## Your instructions
Give back every record word for word, but keep the pictures out.

## Given data
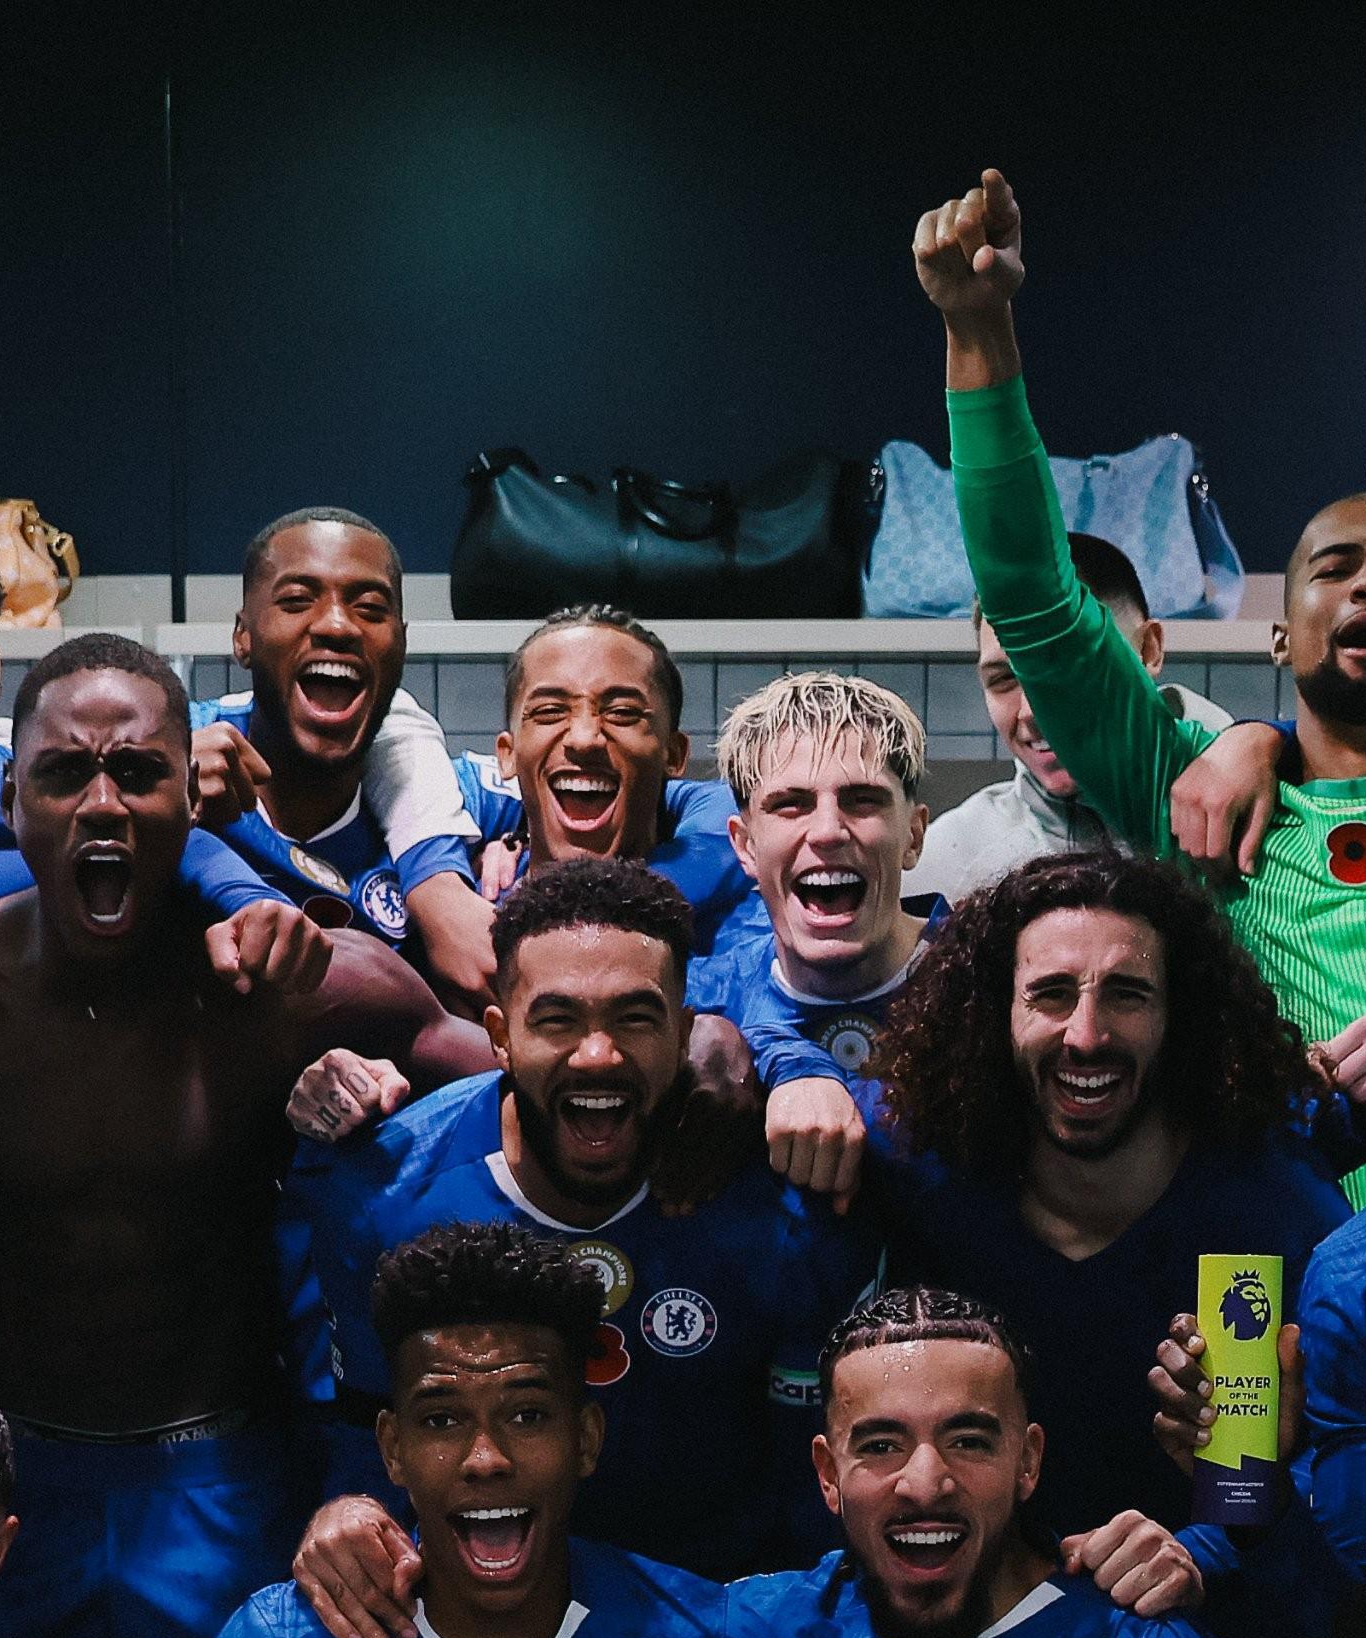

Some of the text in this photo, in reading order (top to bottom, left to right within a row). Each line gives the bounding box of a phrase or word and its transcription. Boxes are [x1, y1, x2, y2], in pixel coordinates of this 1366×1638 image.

[1215, 1376, 1271, 1389] PLAYER
[1229, 1392, 1259, 1400] OF THE
[1216, 1404, 1268, 1416] MATCH
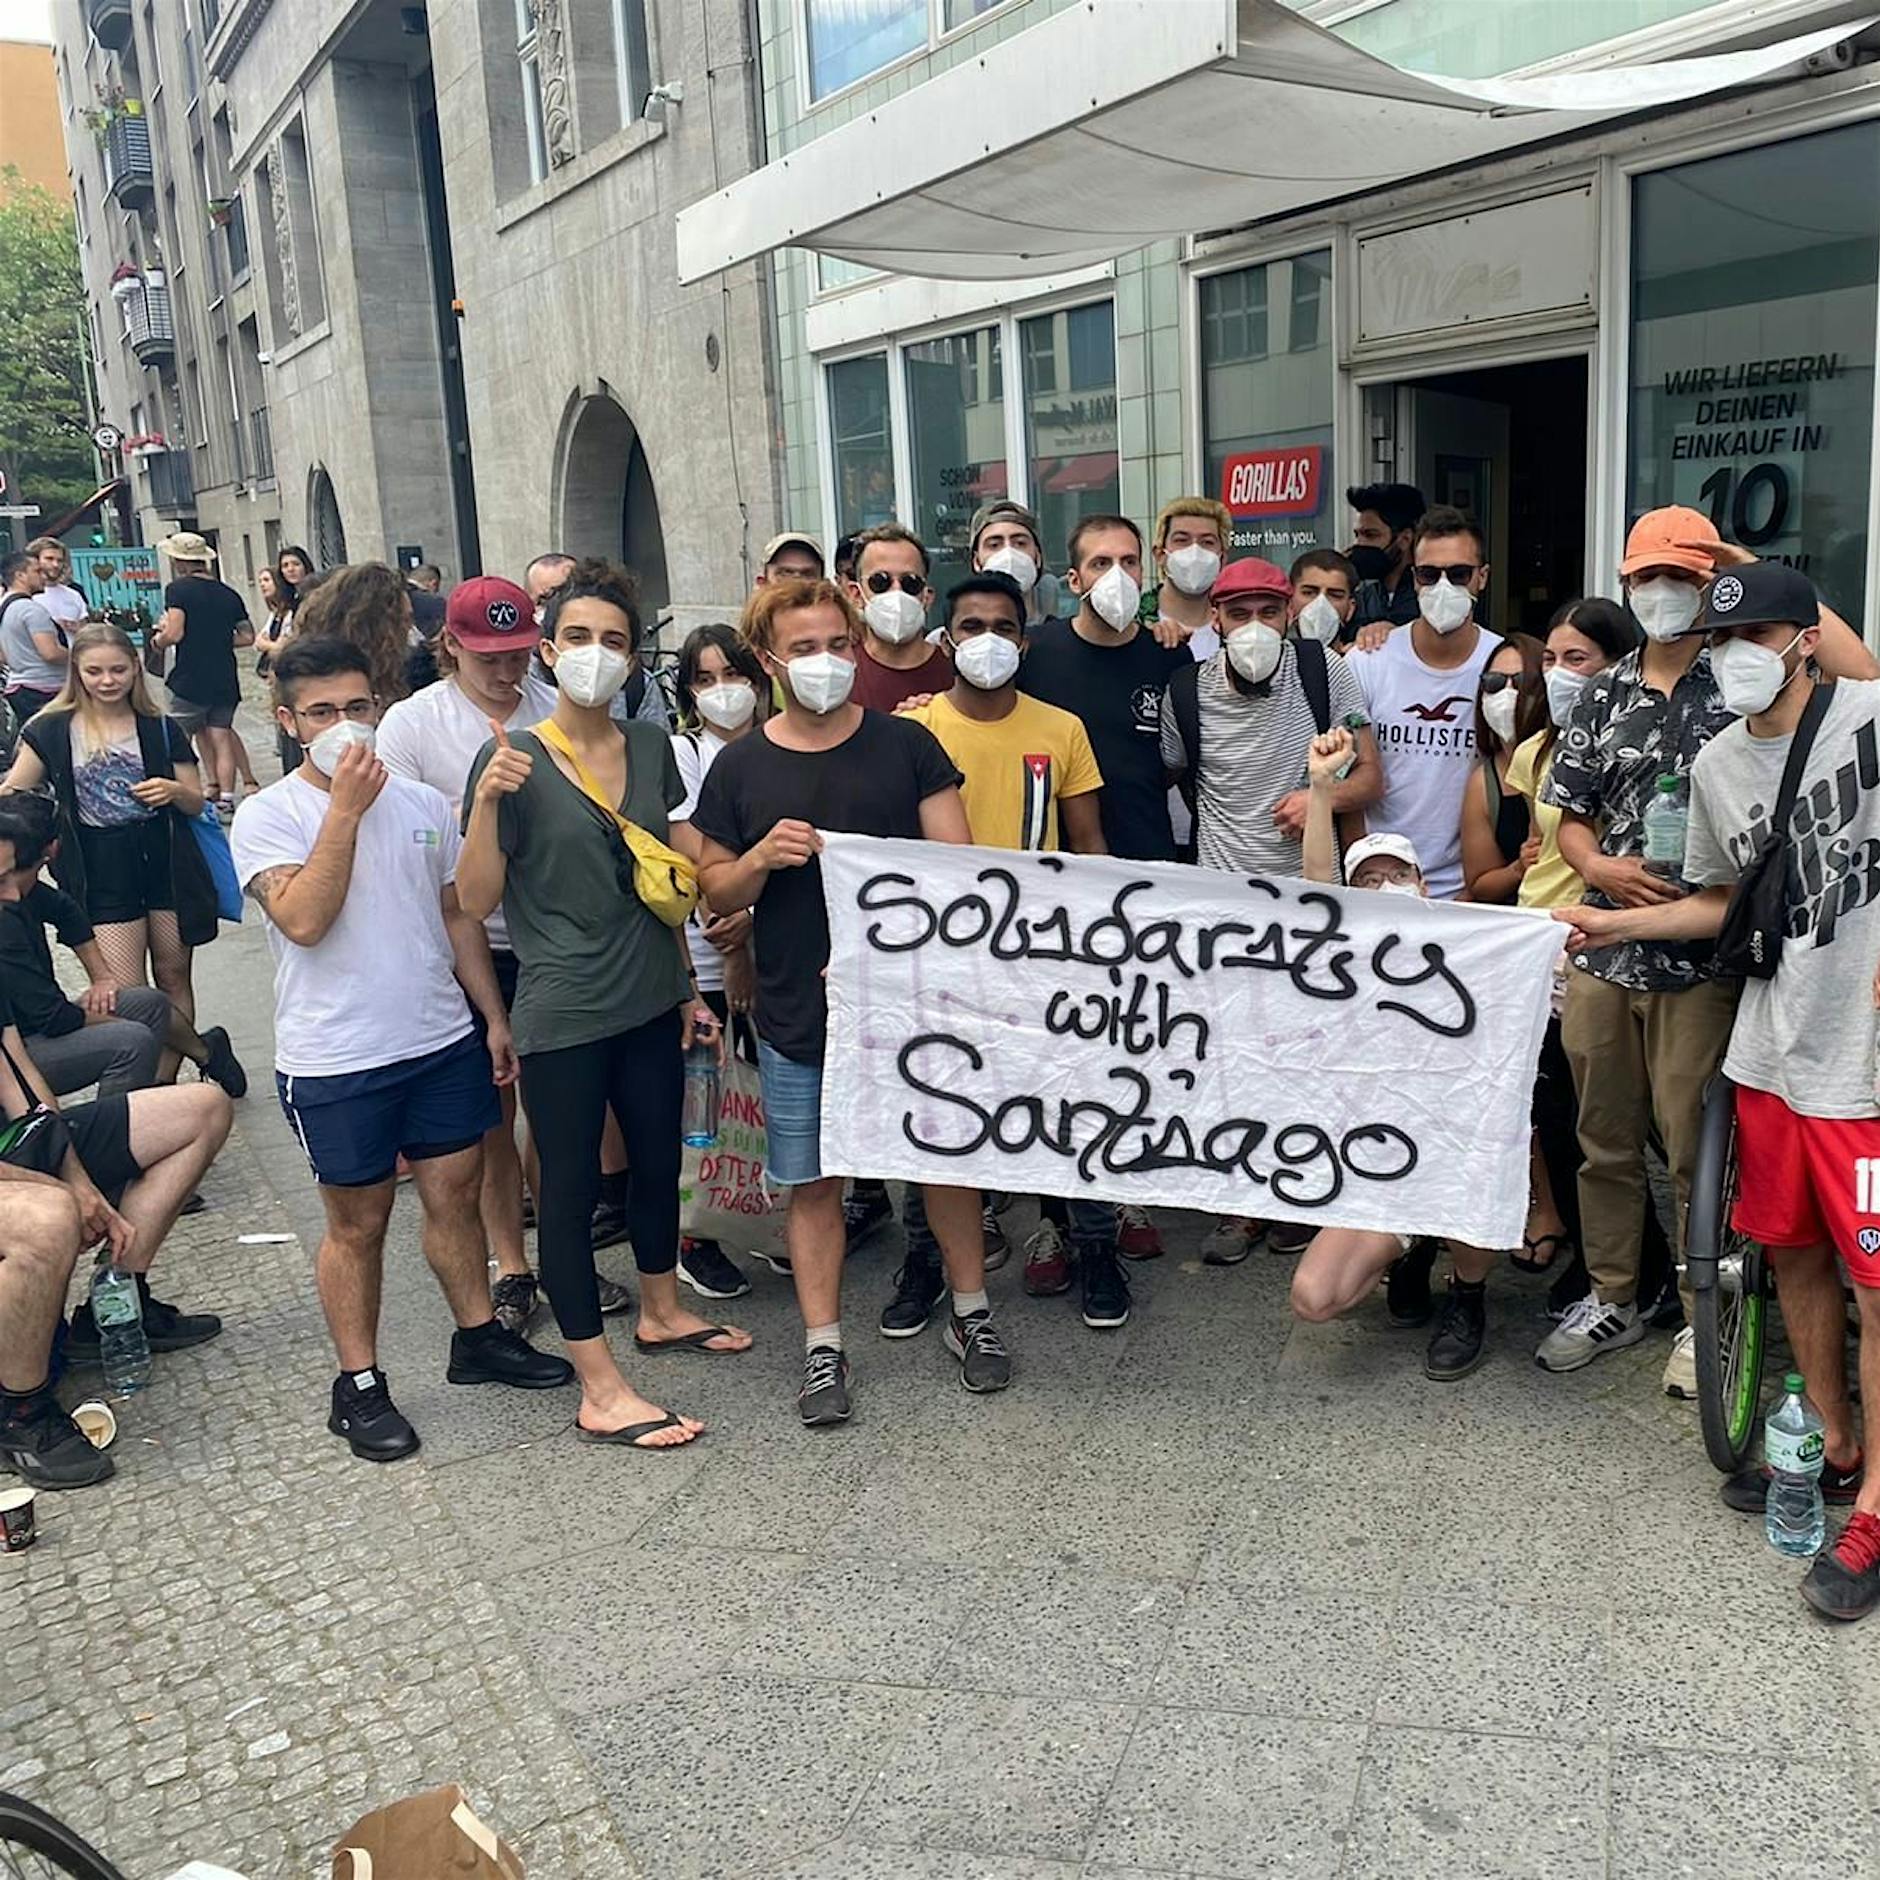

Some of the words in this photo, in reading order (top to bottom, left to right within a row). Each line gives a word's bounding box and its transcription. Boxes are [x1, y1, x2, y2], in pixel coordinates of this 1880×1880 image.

[1665, 367, 1715, 396] WIR
[1722, 352, 1838, 390] LIEFERN
[1695, 391, 1797, 426] DEINEN
[1671, 427, 1787, 460] EINKAUF
[1792, 425, 1822, 452] IN
[1229, 458, 1310, 505] GORILLAS
[1699, 463, 1789, 547] 10
[1228, 530, 1262, 547] Faster
[1264, 529, 1290, 546] than
[1292, 531, 1317, 548] you.
[1377, 723, 1476, 748] HOLLISTE
[1044, 966, 1210, 1061] with
[721, 1087, 765, 1128] ANK
[898, 1033, 1419, 1208] Santiago
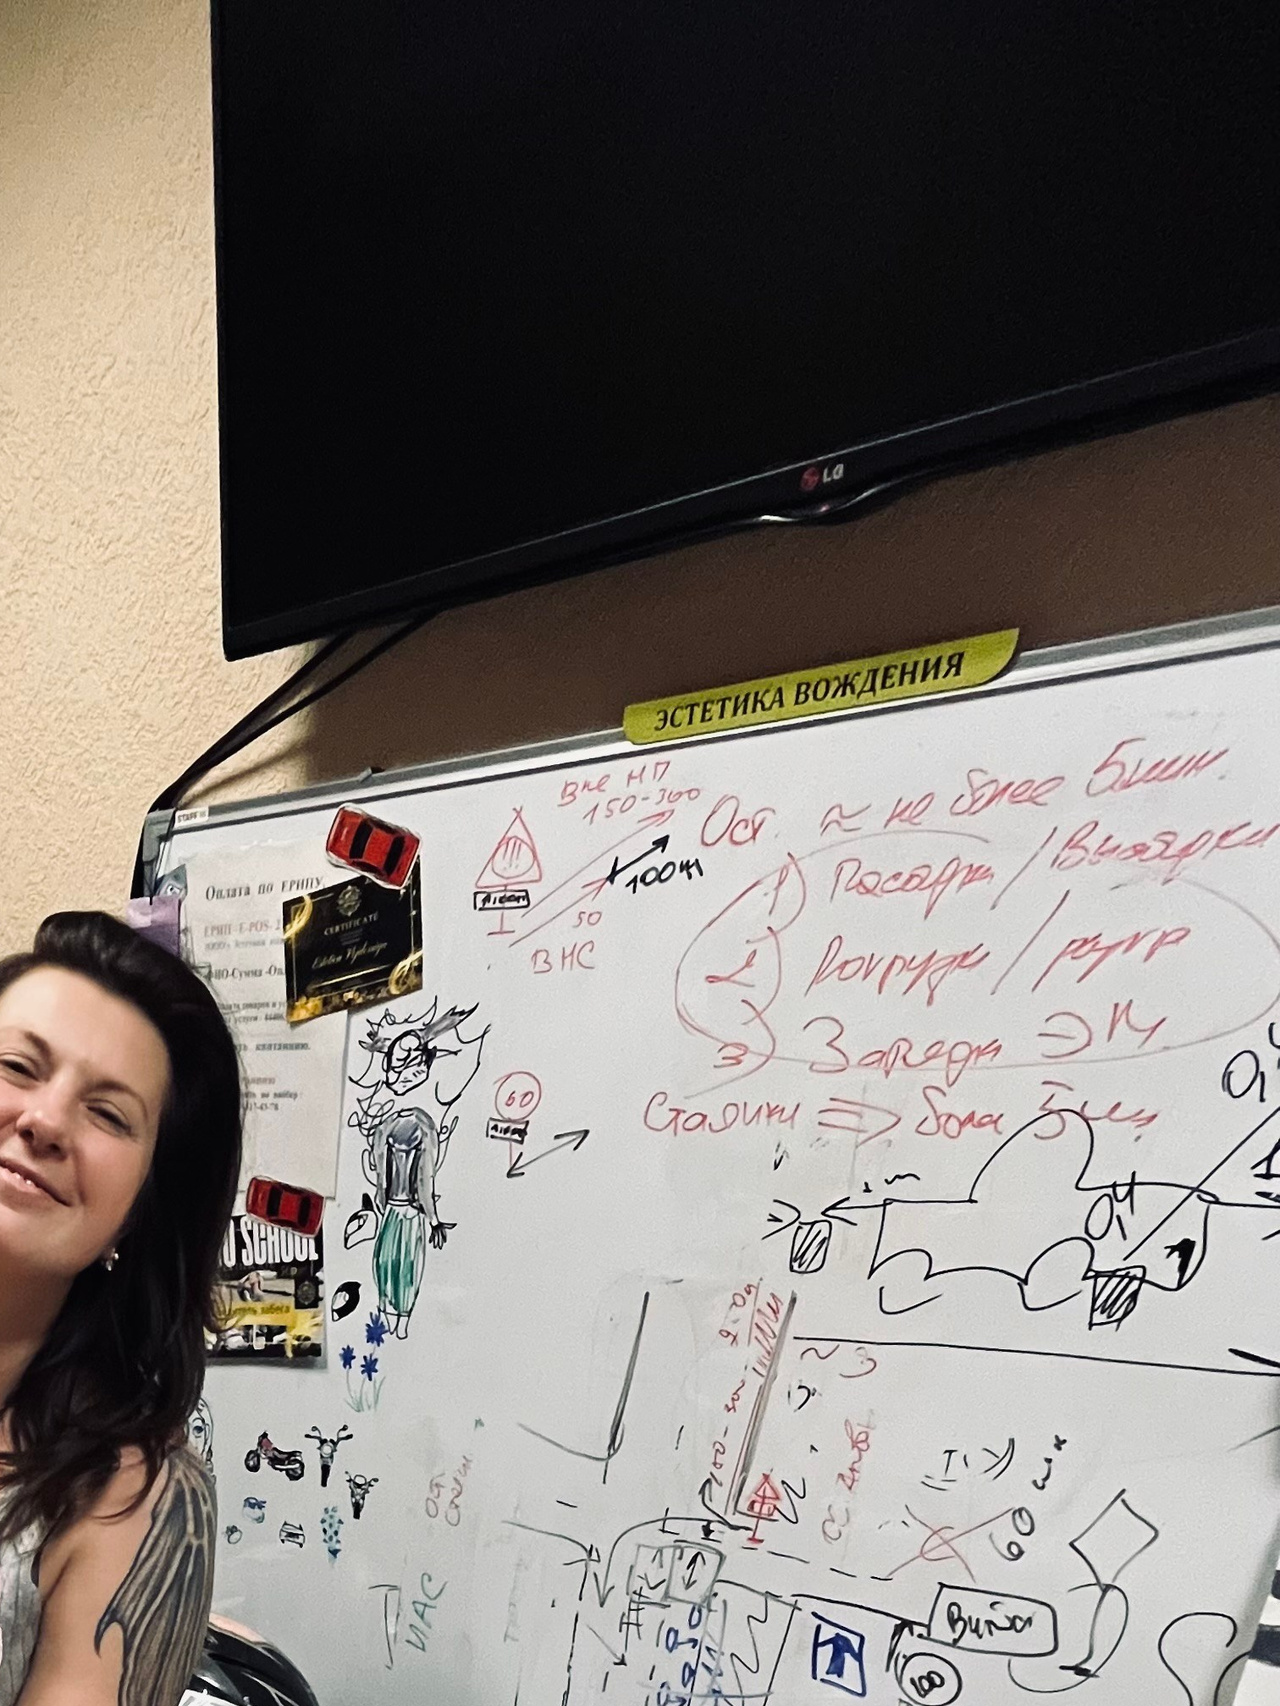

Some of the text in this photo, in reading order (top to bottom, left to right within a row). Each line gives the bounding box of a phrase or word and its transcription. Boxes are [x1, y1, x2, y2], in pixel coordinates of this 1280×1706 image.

[654, 651, 965, 732] ЭСТЕТИКА ВОЖДЕНИЯ
[557, 774, 611, 807] Вне
[205, 882, 251, 901] Оплата
[258, 882, 274, 895] по
[323, 911, 379, 936] CERTIFICATE
[573, 910, 602, 928] 50
[505, 1090, 534, 1108] 60
[239, 1216, 319, 1267] SCHOOL

## Solution
Some of the text in this photo, in reading order (top to bottom, left to right within a row). Each line gives the bounding box of a phrase or word and its transcription. Boxes are [x1, y1, x2, y2], in pixel coordinates of this 1366×1638 image.

[1215, 1376, 1271, 1389] PLAYER
[1229, 1392, 1259, 1400] OF THE
[1216, 1404, 1268, 1416] MATCH

Some of the words in this photo, in reading order (top to bottom, left to right within a row). Each line gives a word's bounding box and its transcription. Boxes are [x1, y1, x2, y2], in pixel coordinates of this 1880×1880 image.

[1665, 367, 1715, 396] WIR
[1722, 352, 1838, 390] LIEFERN
[1695, 391, 1797, 426] DEINEN
[1671, 427, 1787, 460] EINKAUF
[1792, 425, 1822, 452] IN
[1229, 458, 1310, 505] GORILLAS
[1699, 463, 1789, 547] 10
[1228, 530, 1262, 547] Faster
[1264, 529, 1290, 546] than
[1292, 531, 1317, 548] you.
[1377, 723, 1476, 748] HOLLISTE
[1044, 966, 1210, 1061] with
[721, 1087, 765, 1128] ANK
[898, 1033, 1419, 1208] Santiago

Some of the text in this photo, in reading order (top to bottom, left to right within a row). Each line gives the bounding box of a phrase or word and its transcription. Boxes are [x1, y1, x2, y2], in pixel coordinates of this 1280×1706 image.

[654, 651, 965, 732] ЭСТЕТИКА ВОЖДЕНИЯ
[557, 774, 611, 807] Вне
[205, 882, 251, 901] Оплата
[258, 882, 274, 895] по
[323, 911, 379, 936] CERTIFICATE
[573, 910, 602, 928] 50
[505, 1090, 534, 1108] 60
[239, 1216, 319, 1267] SCHOOL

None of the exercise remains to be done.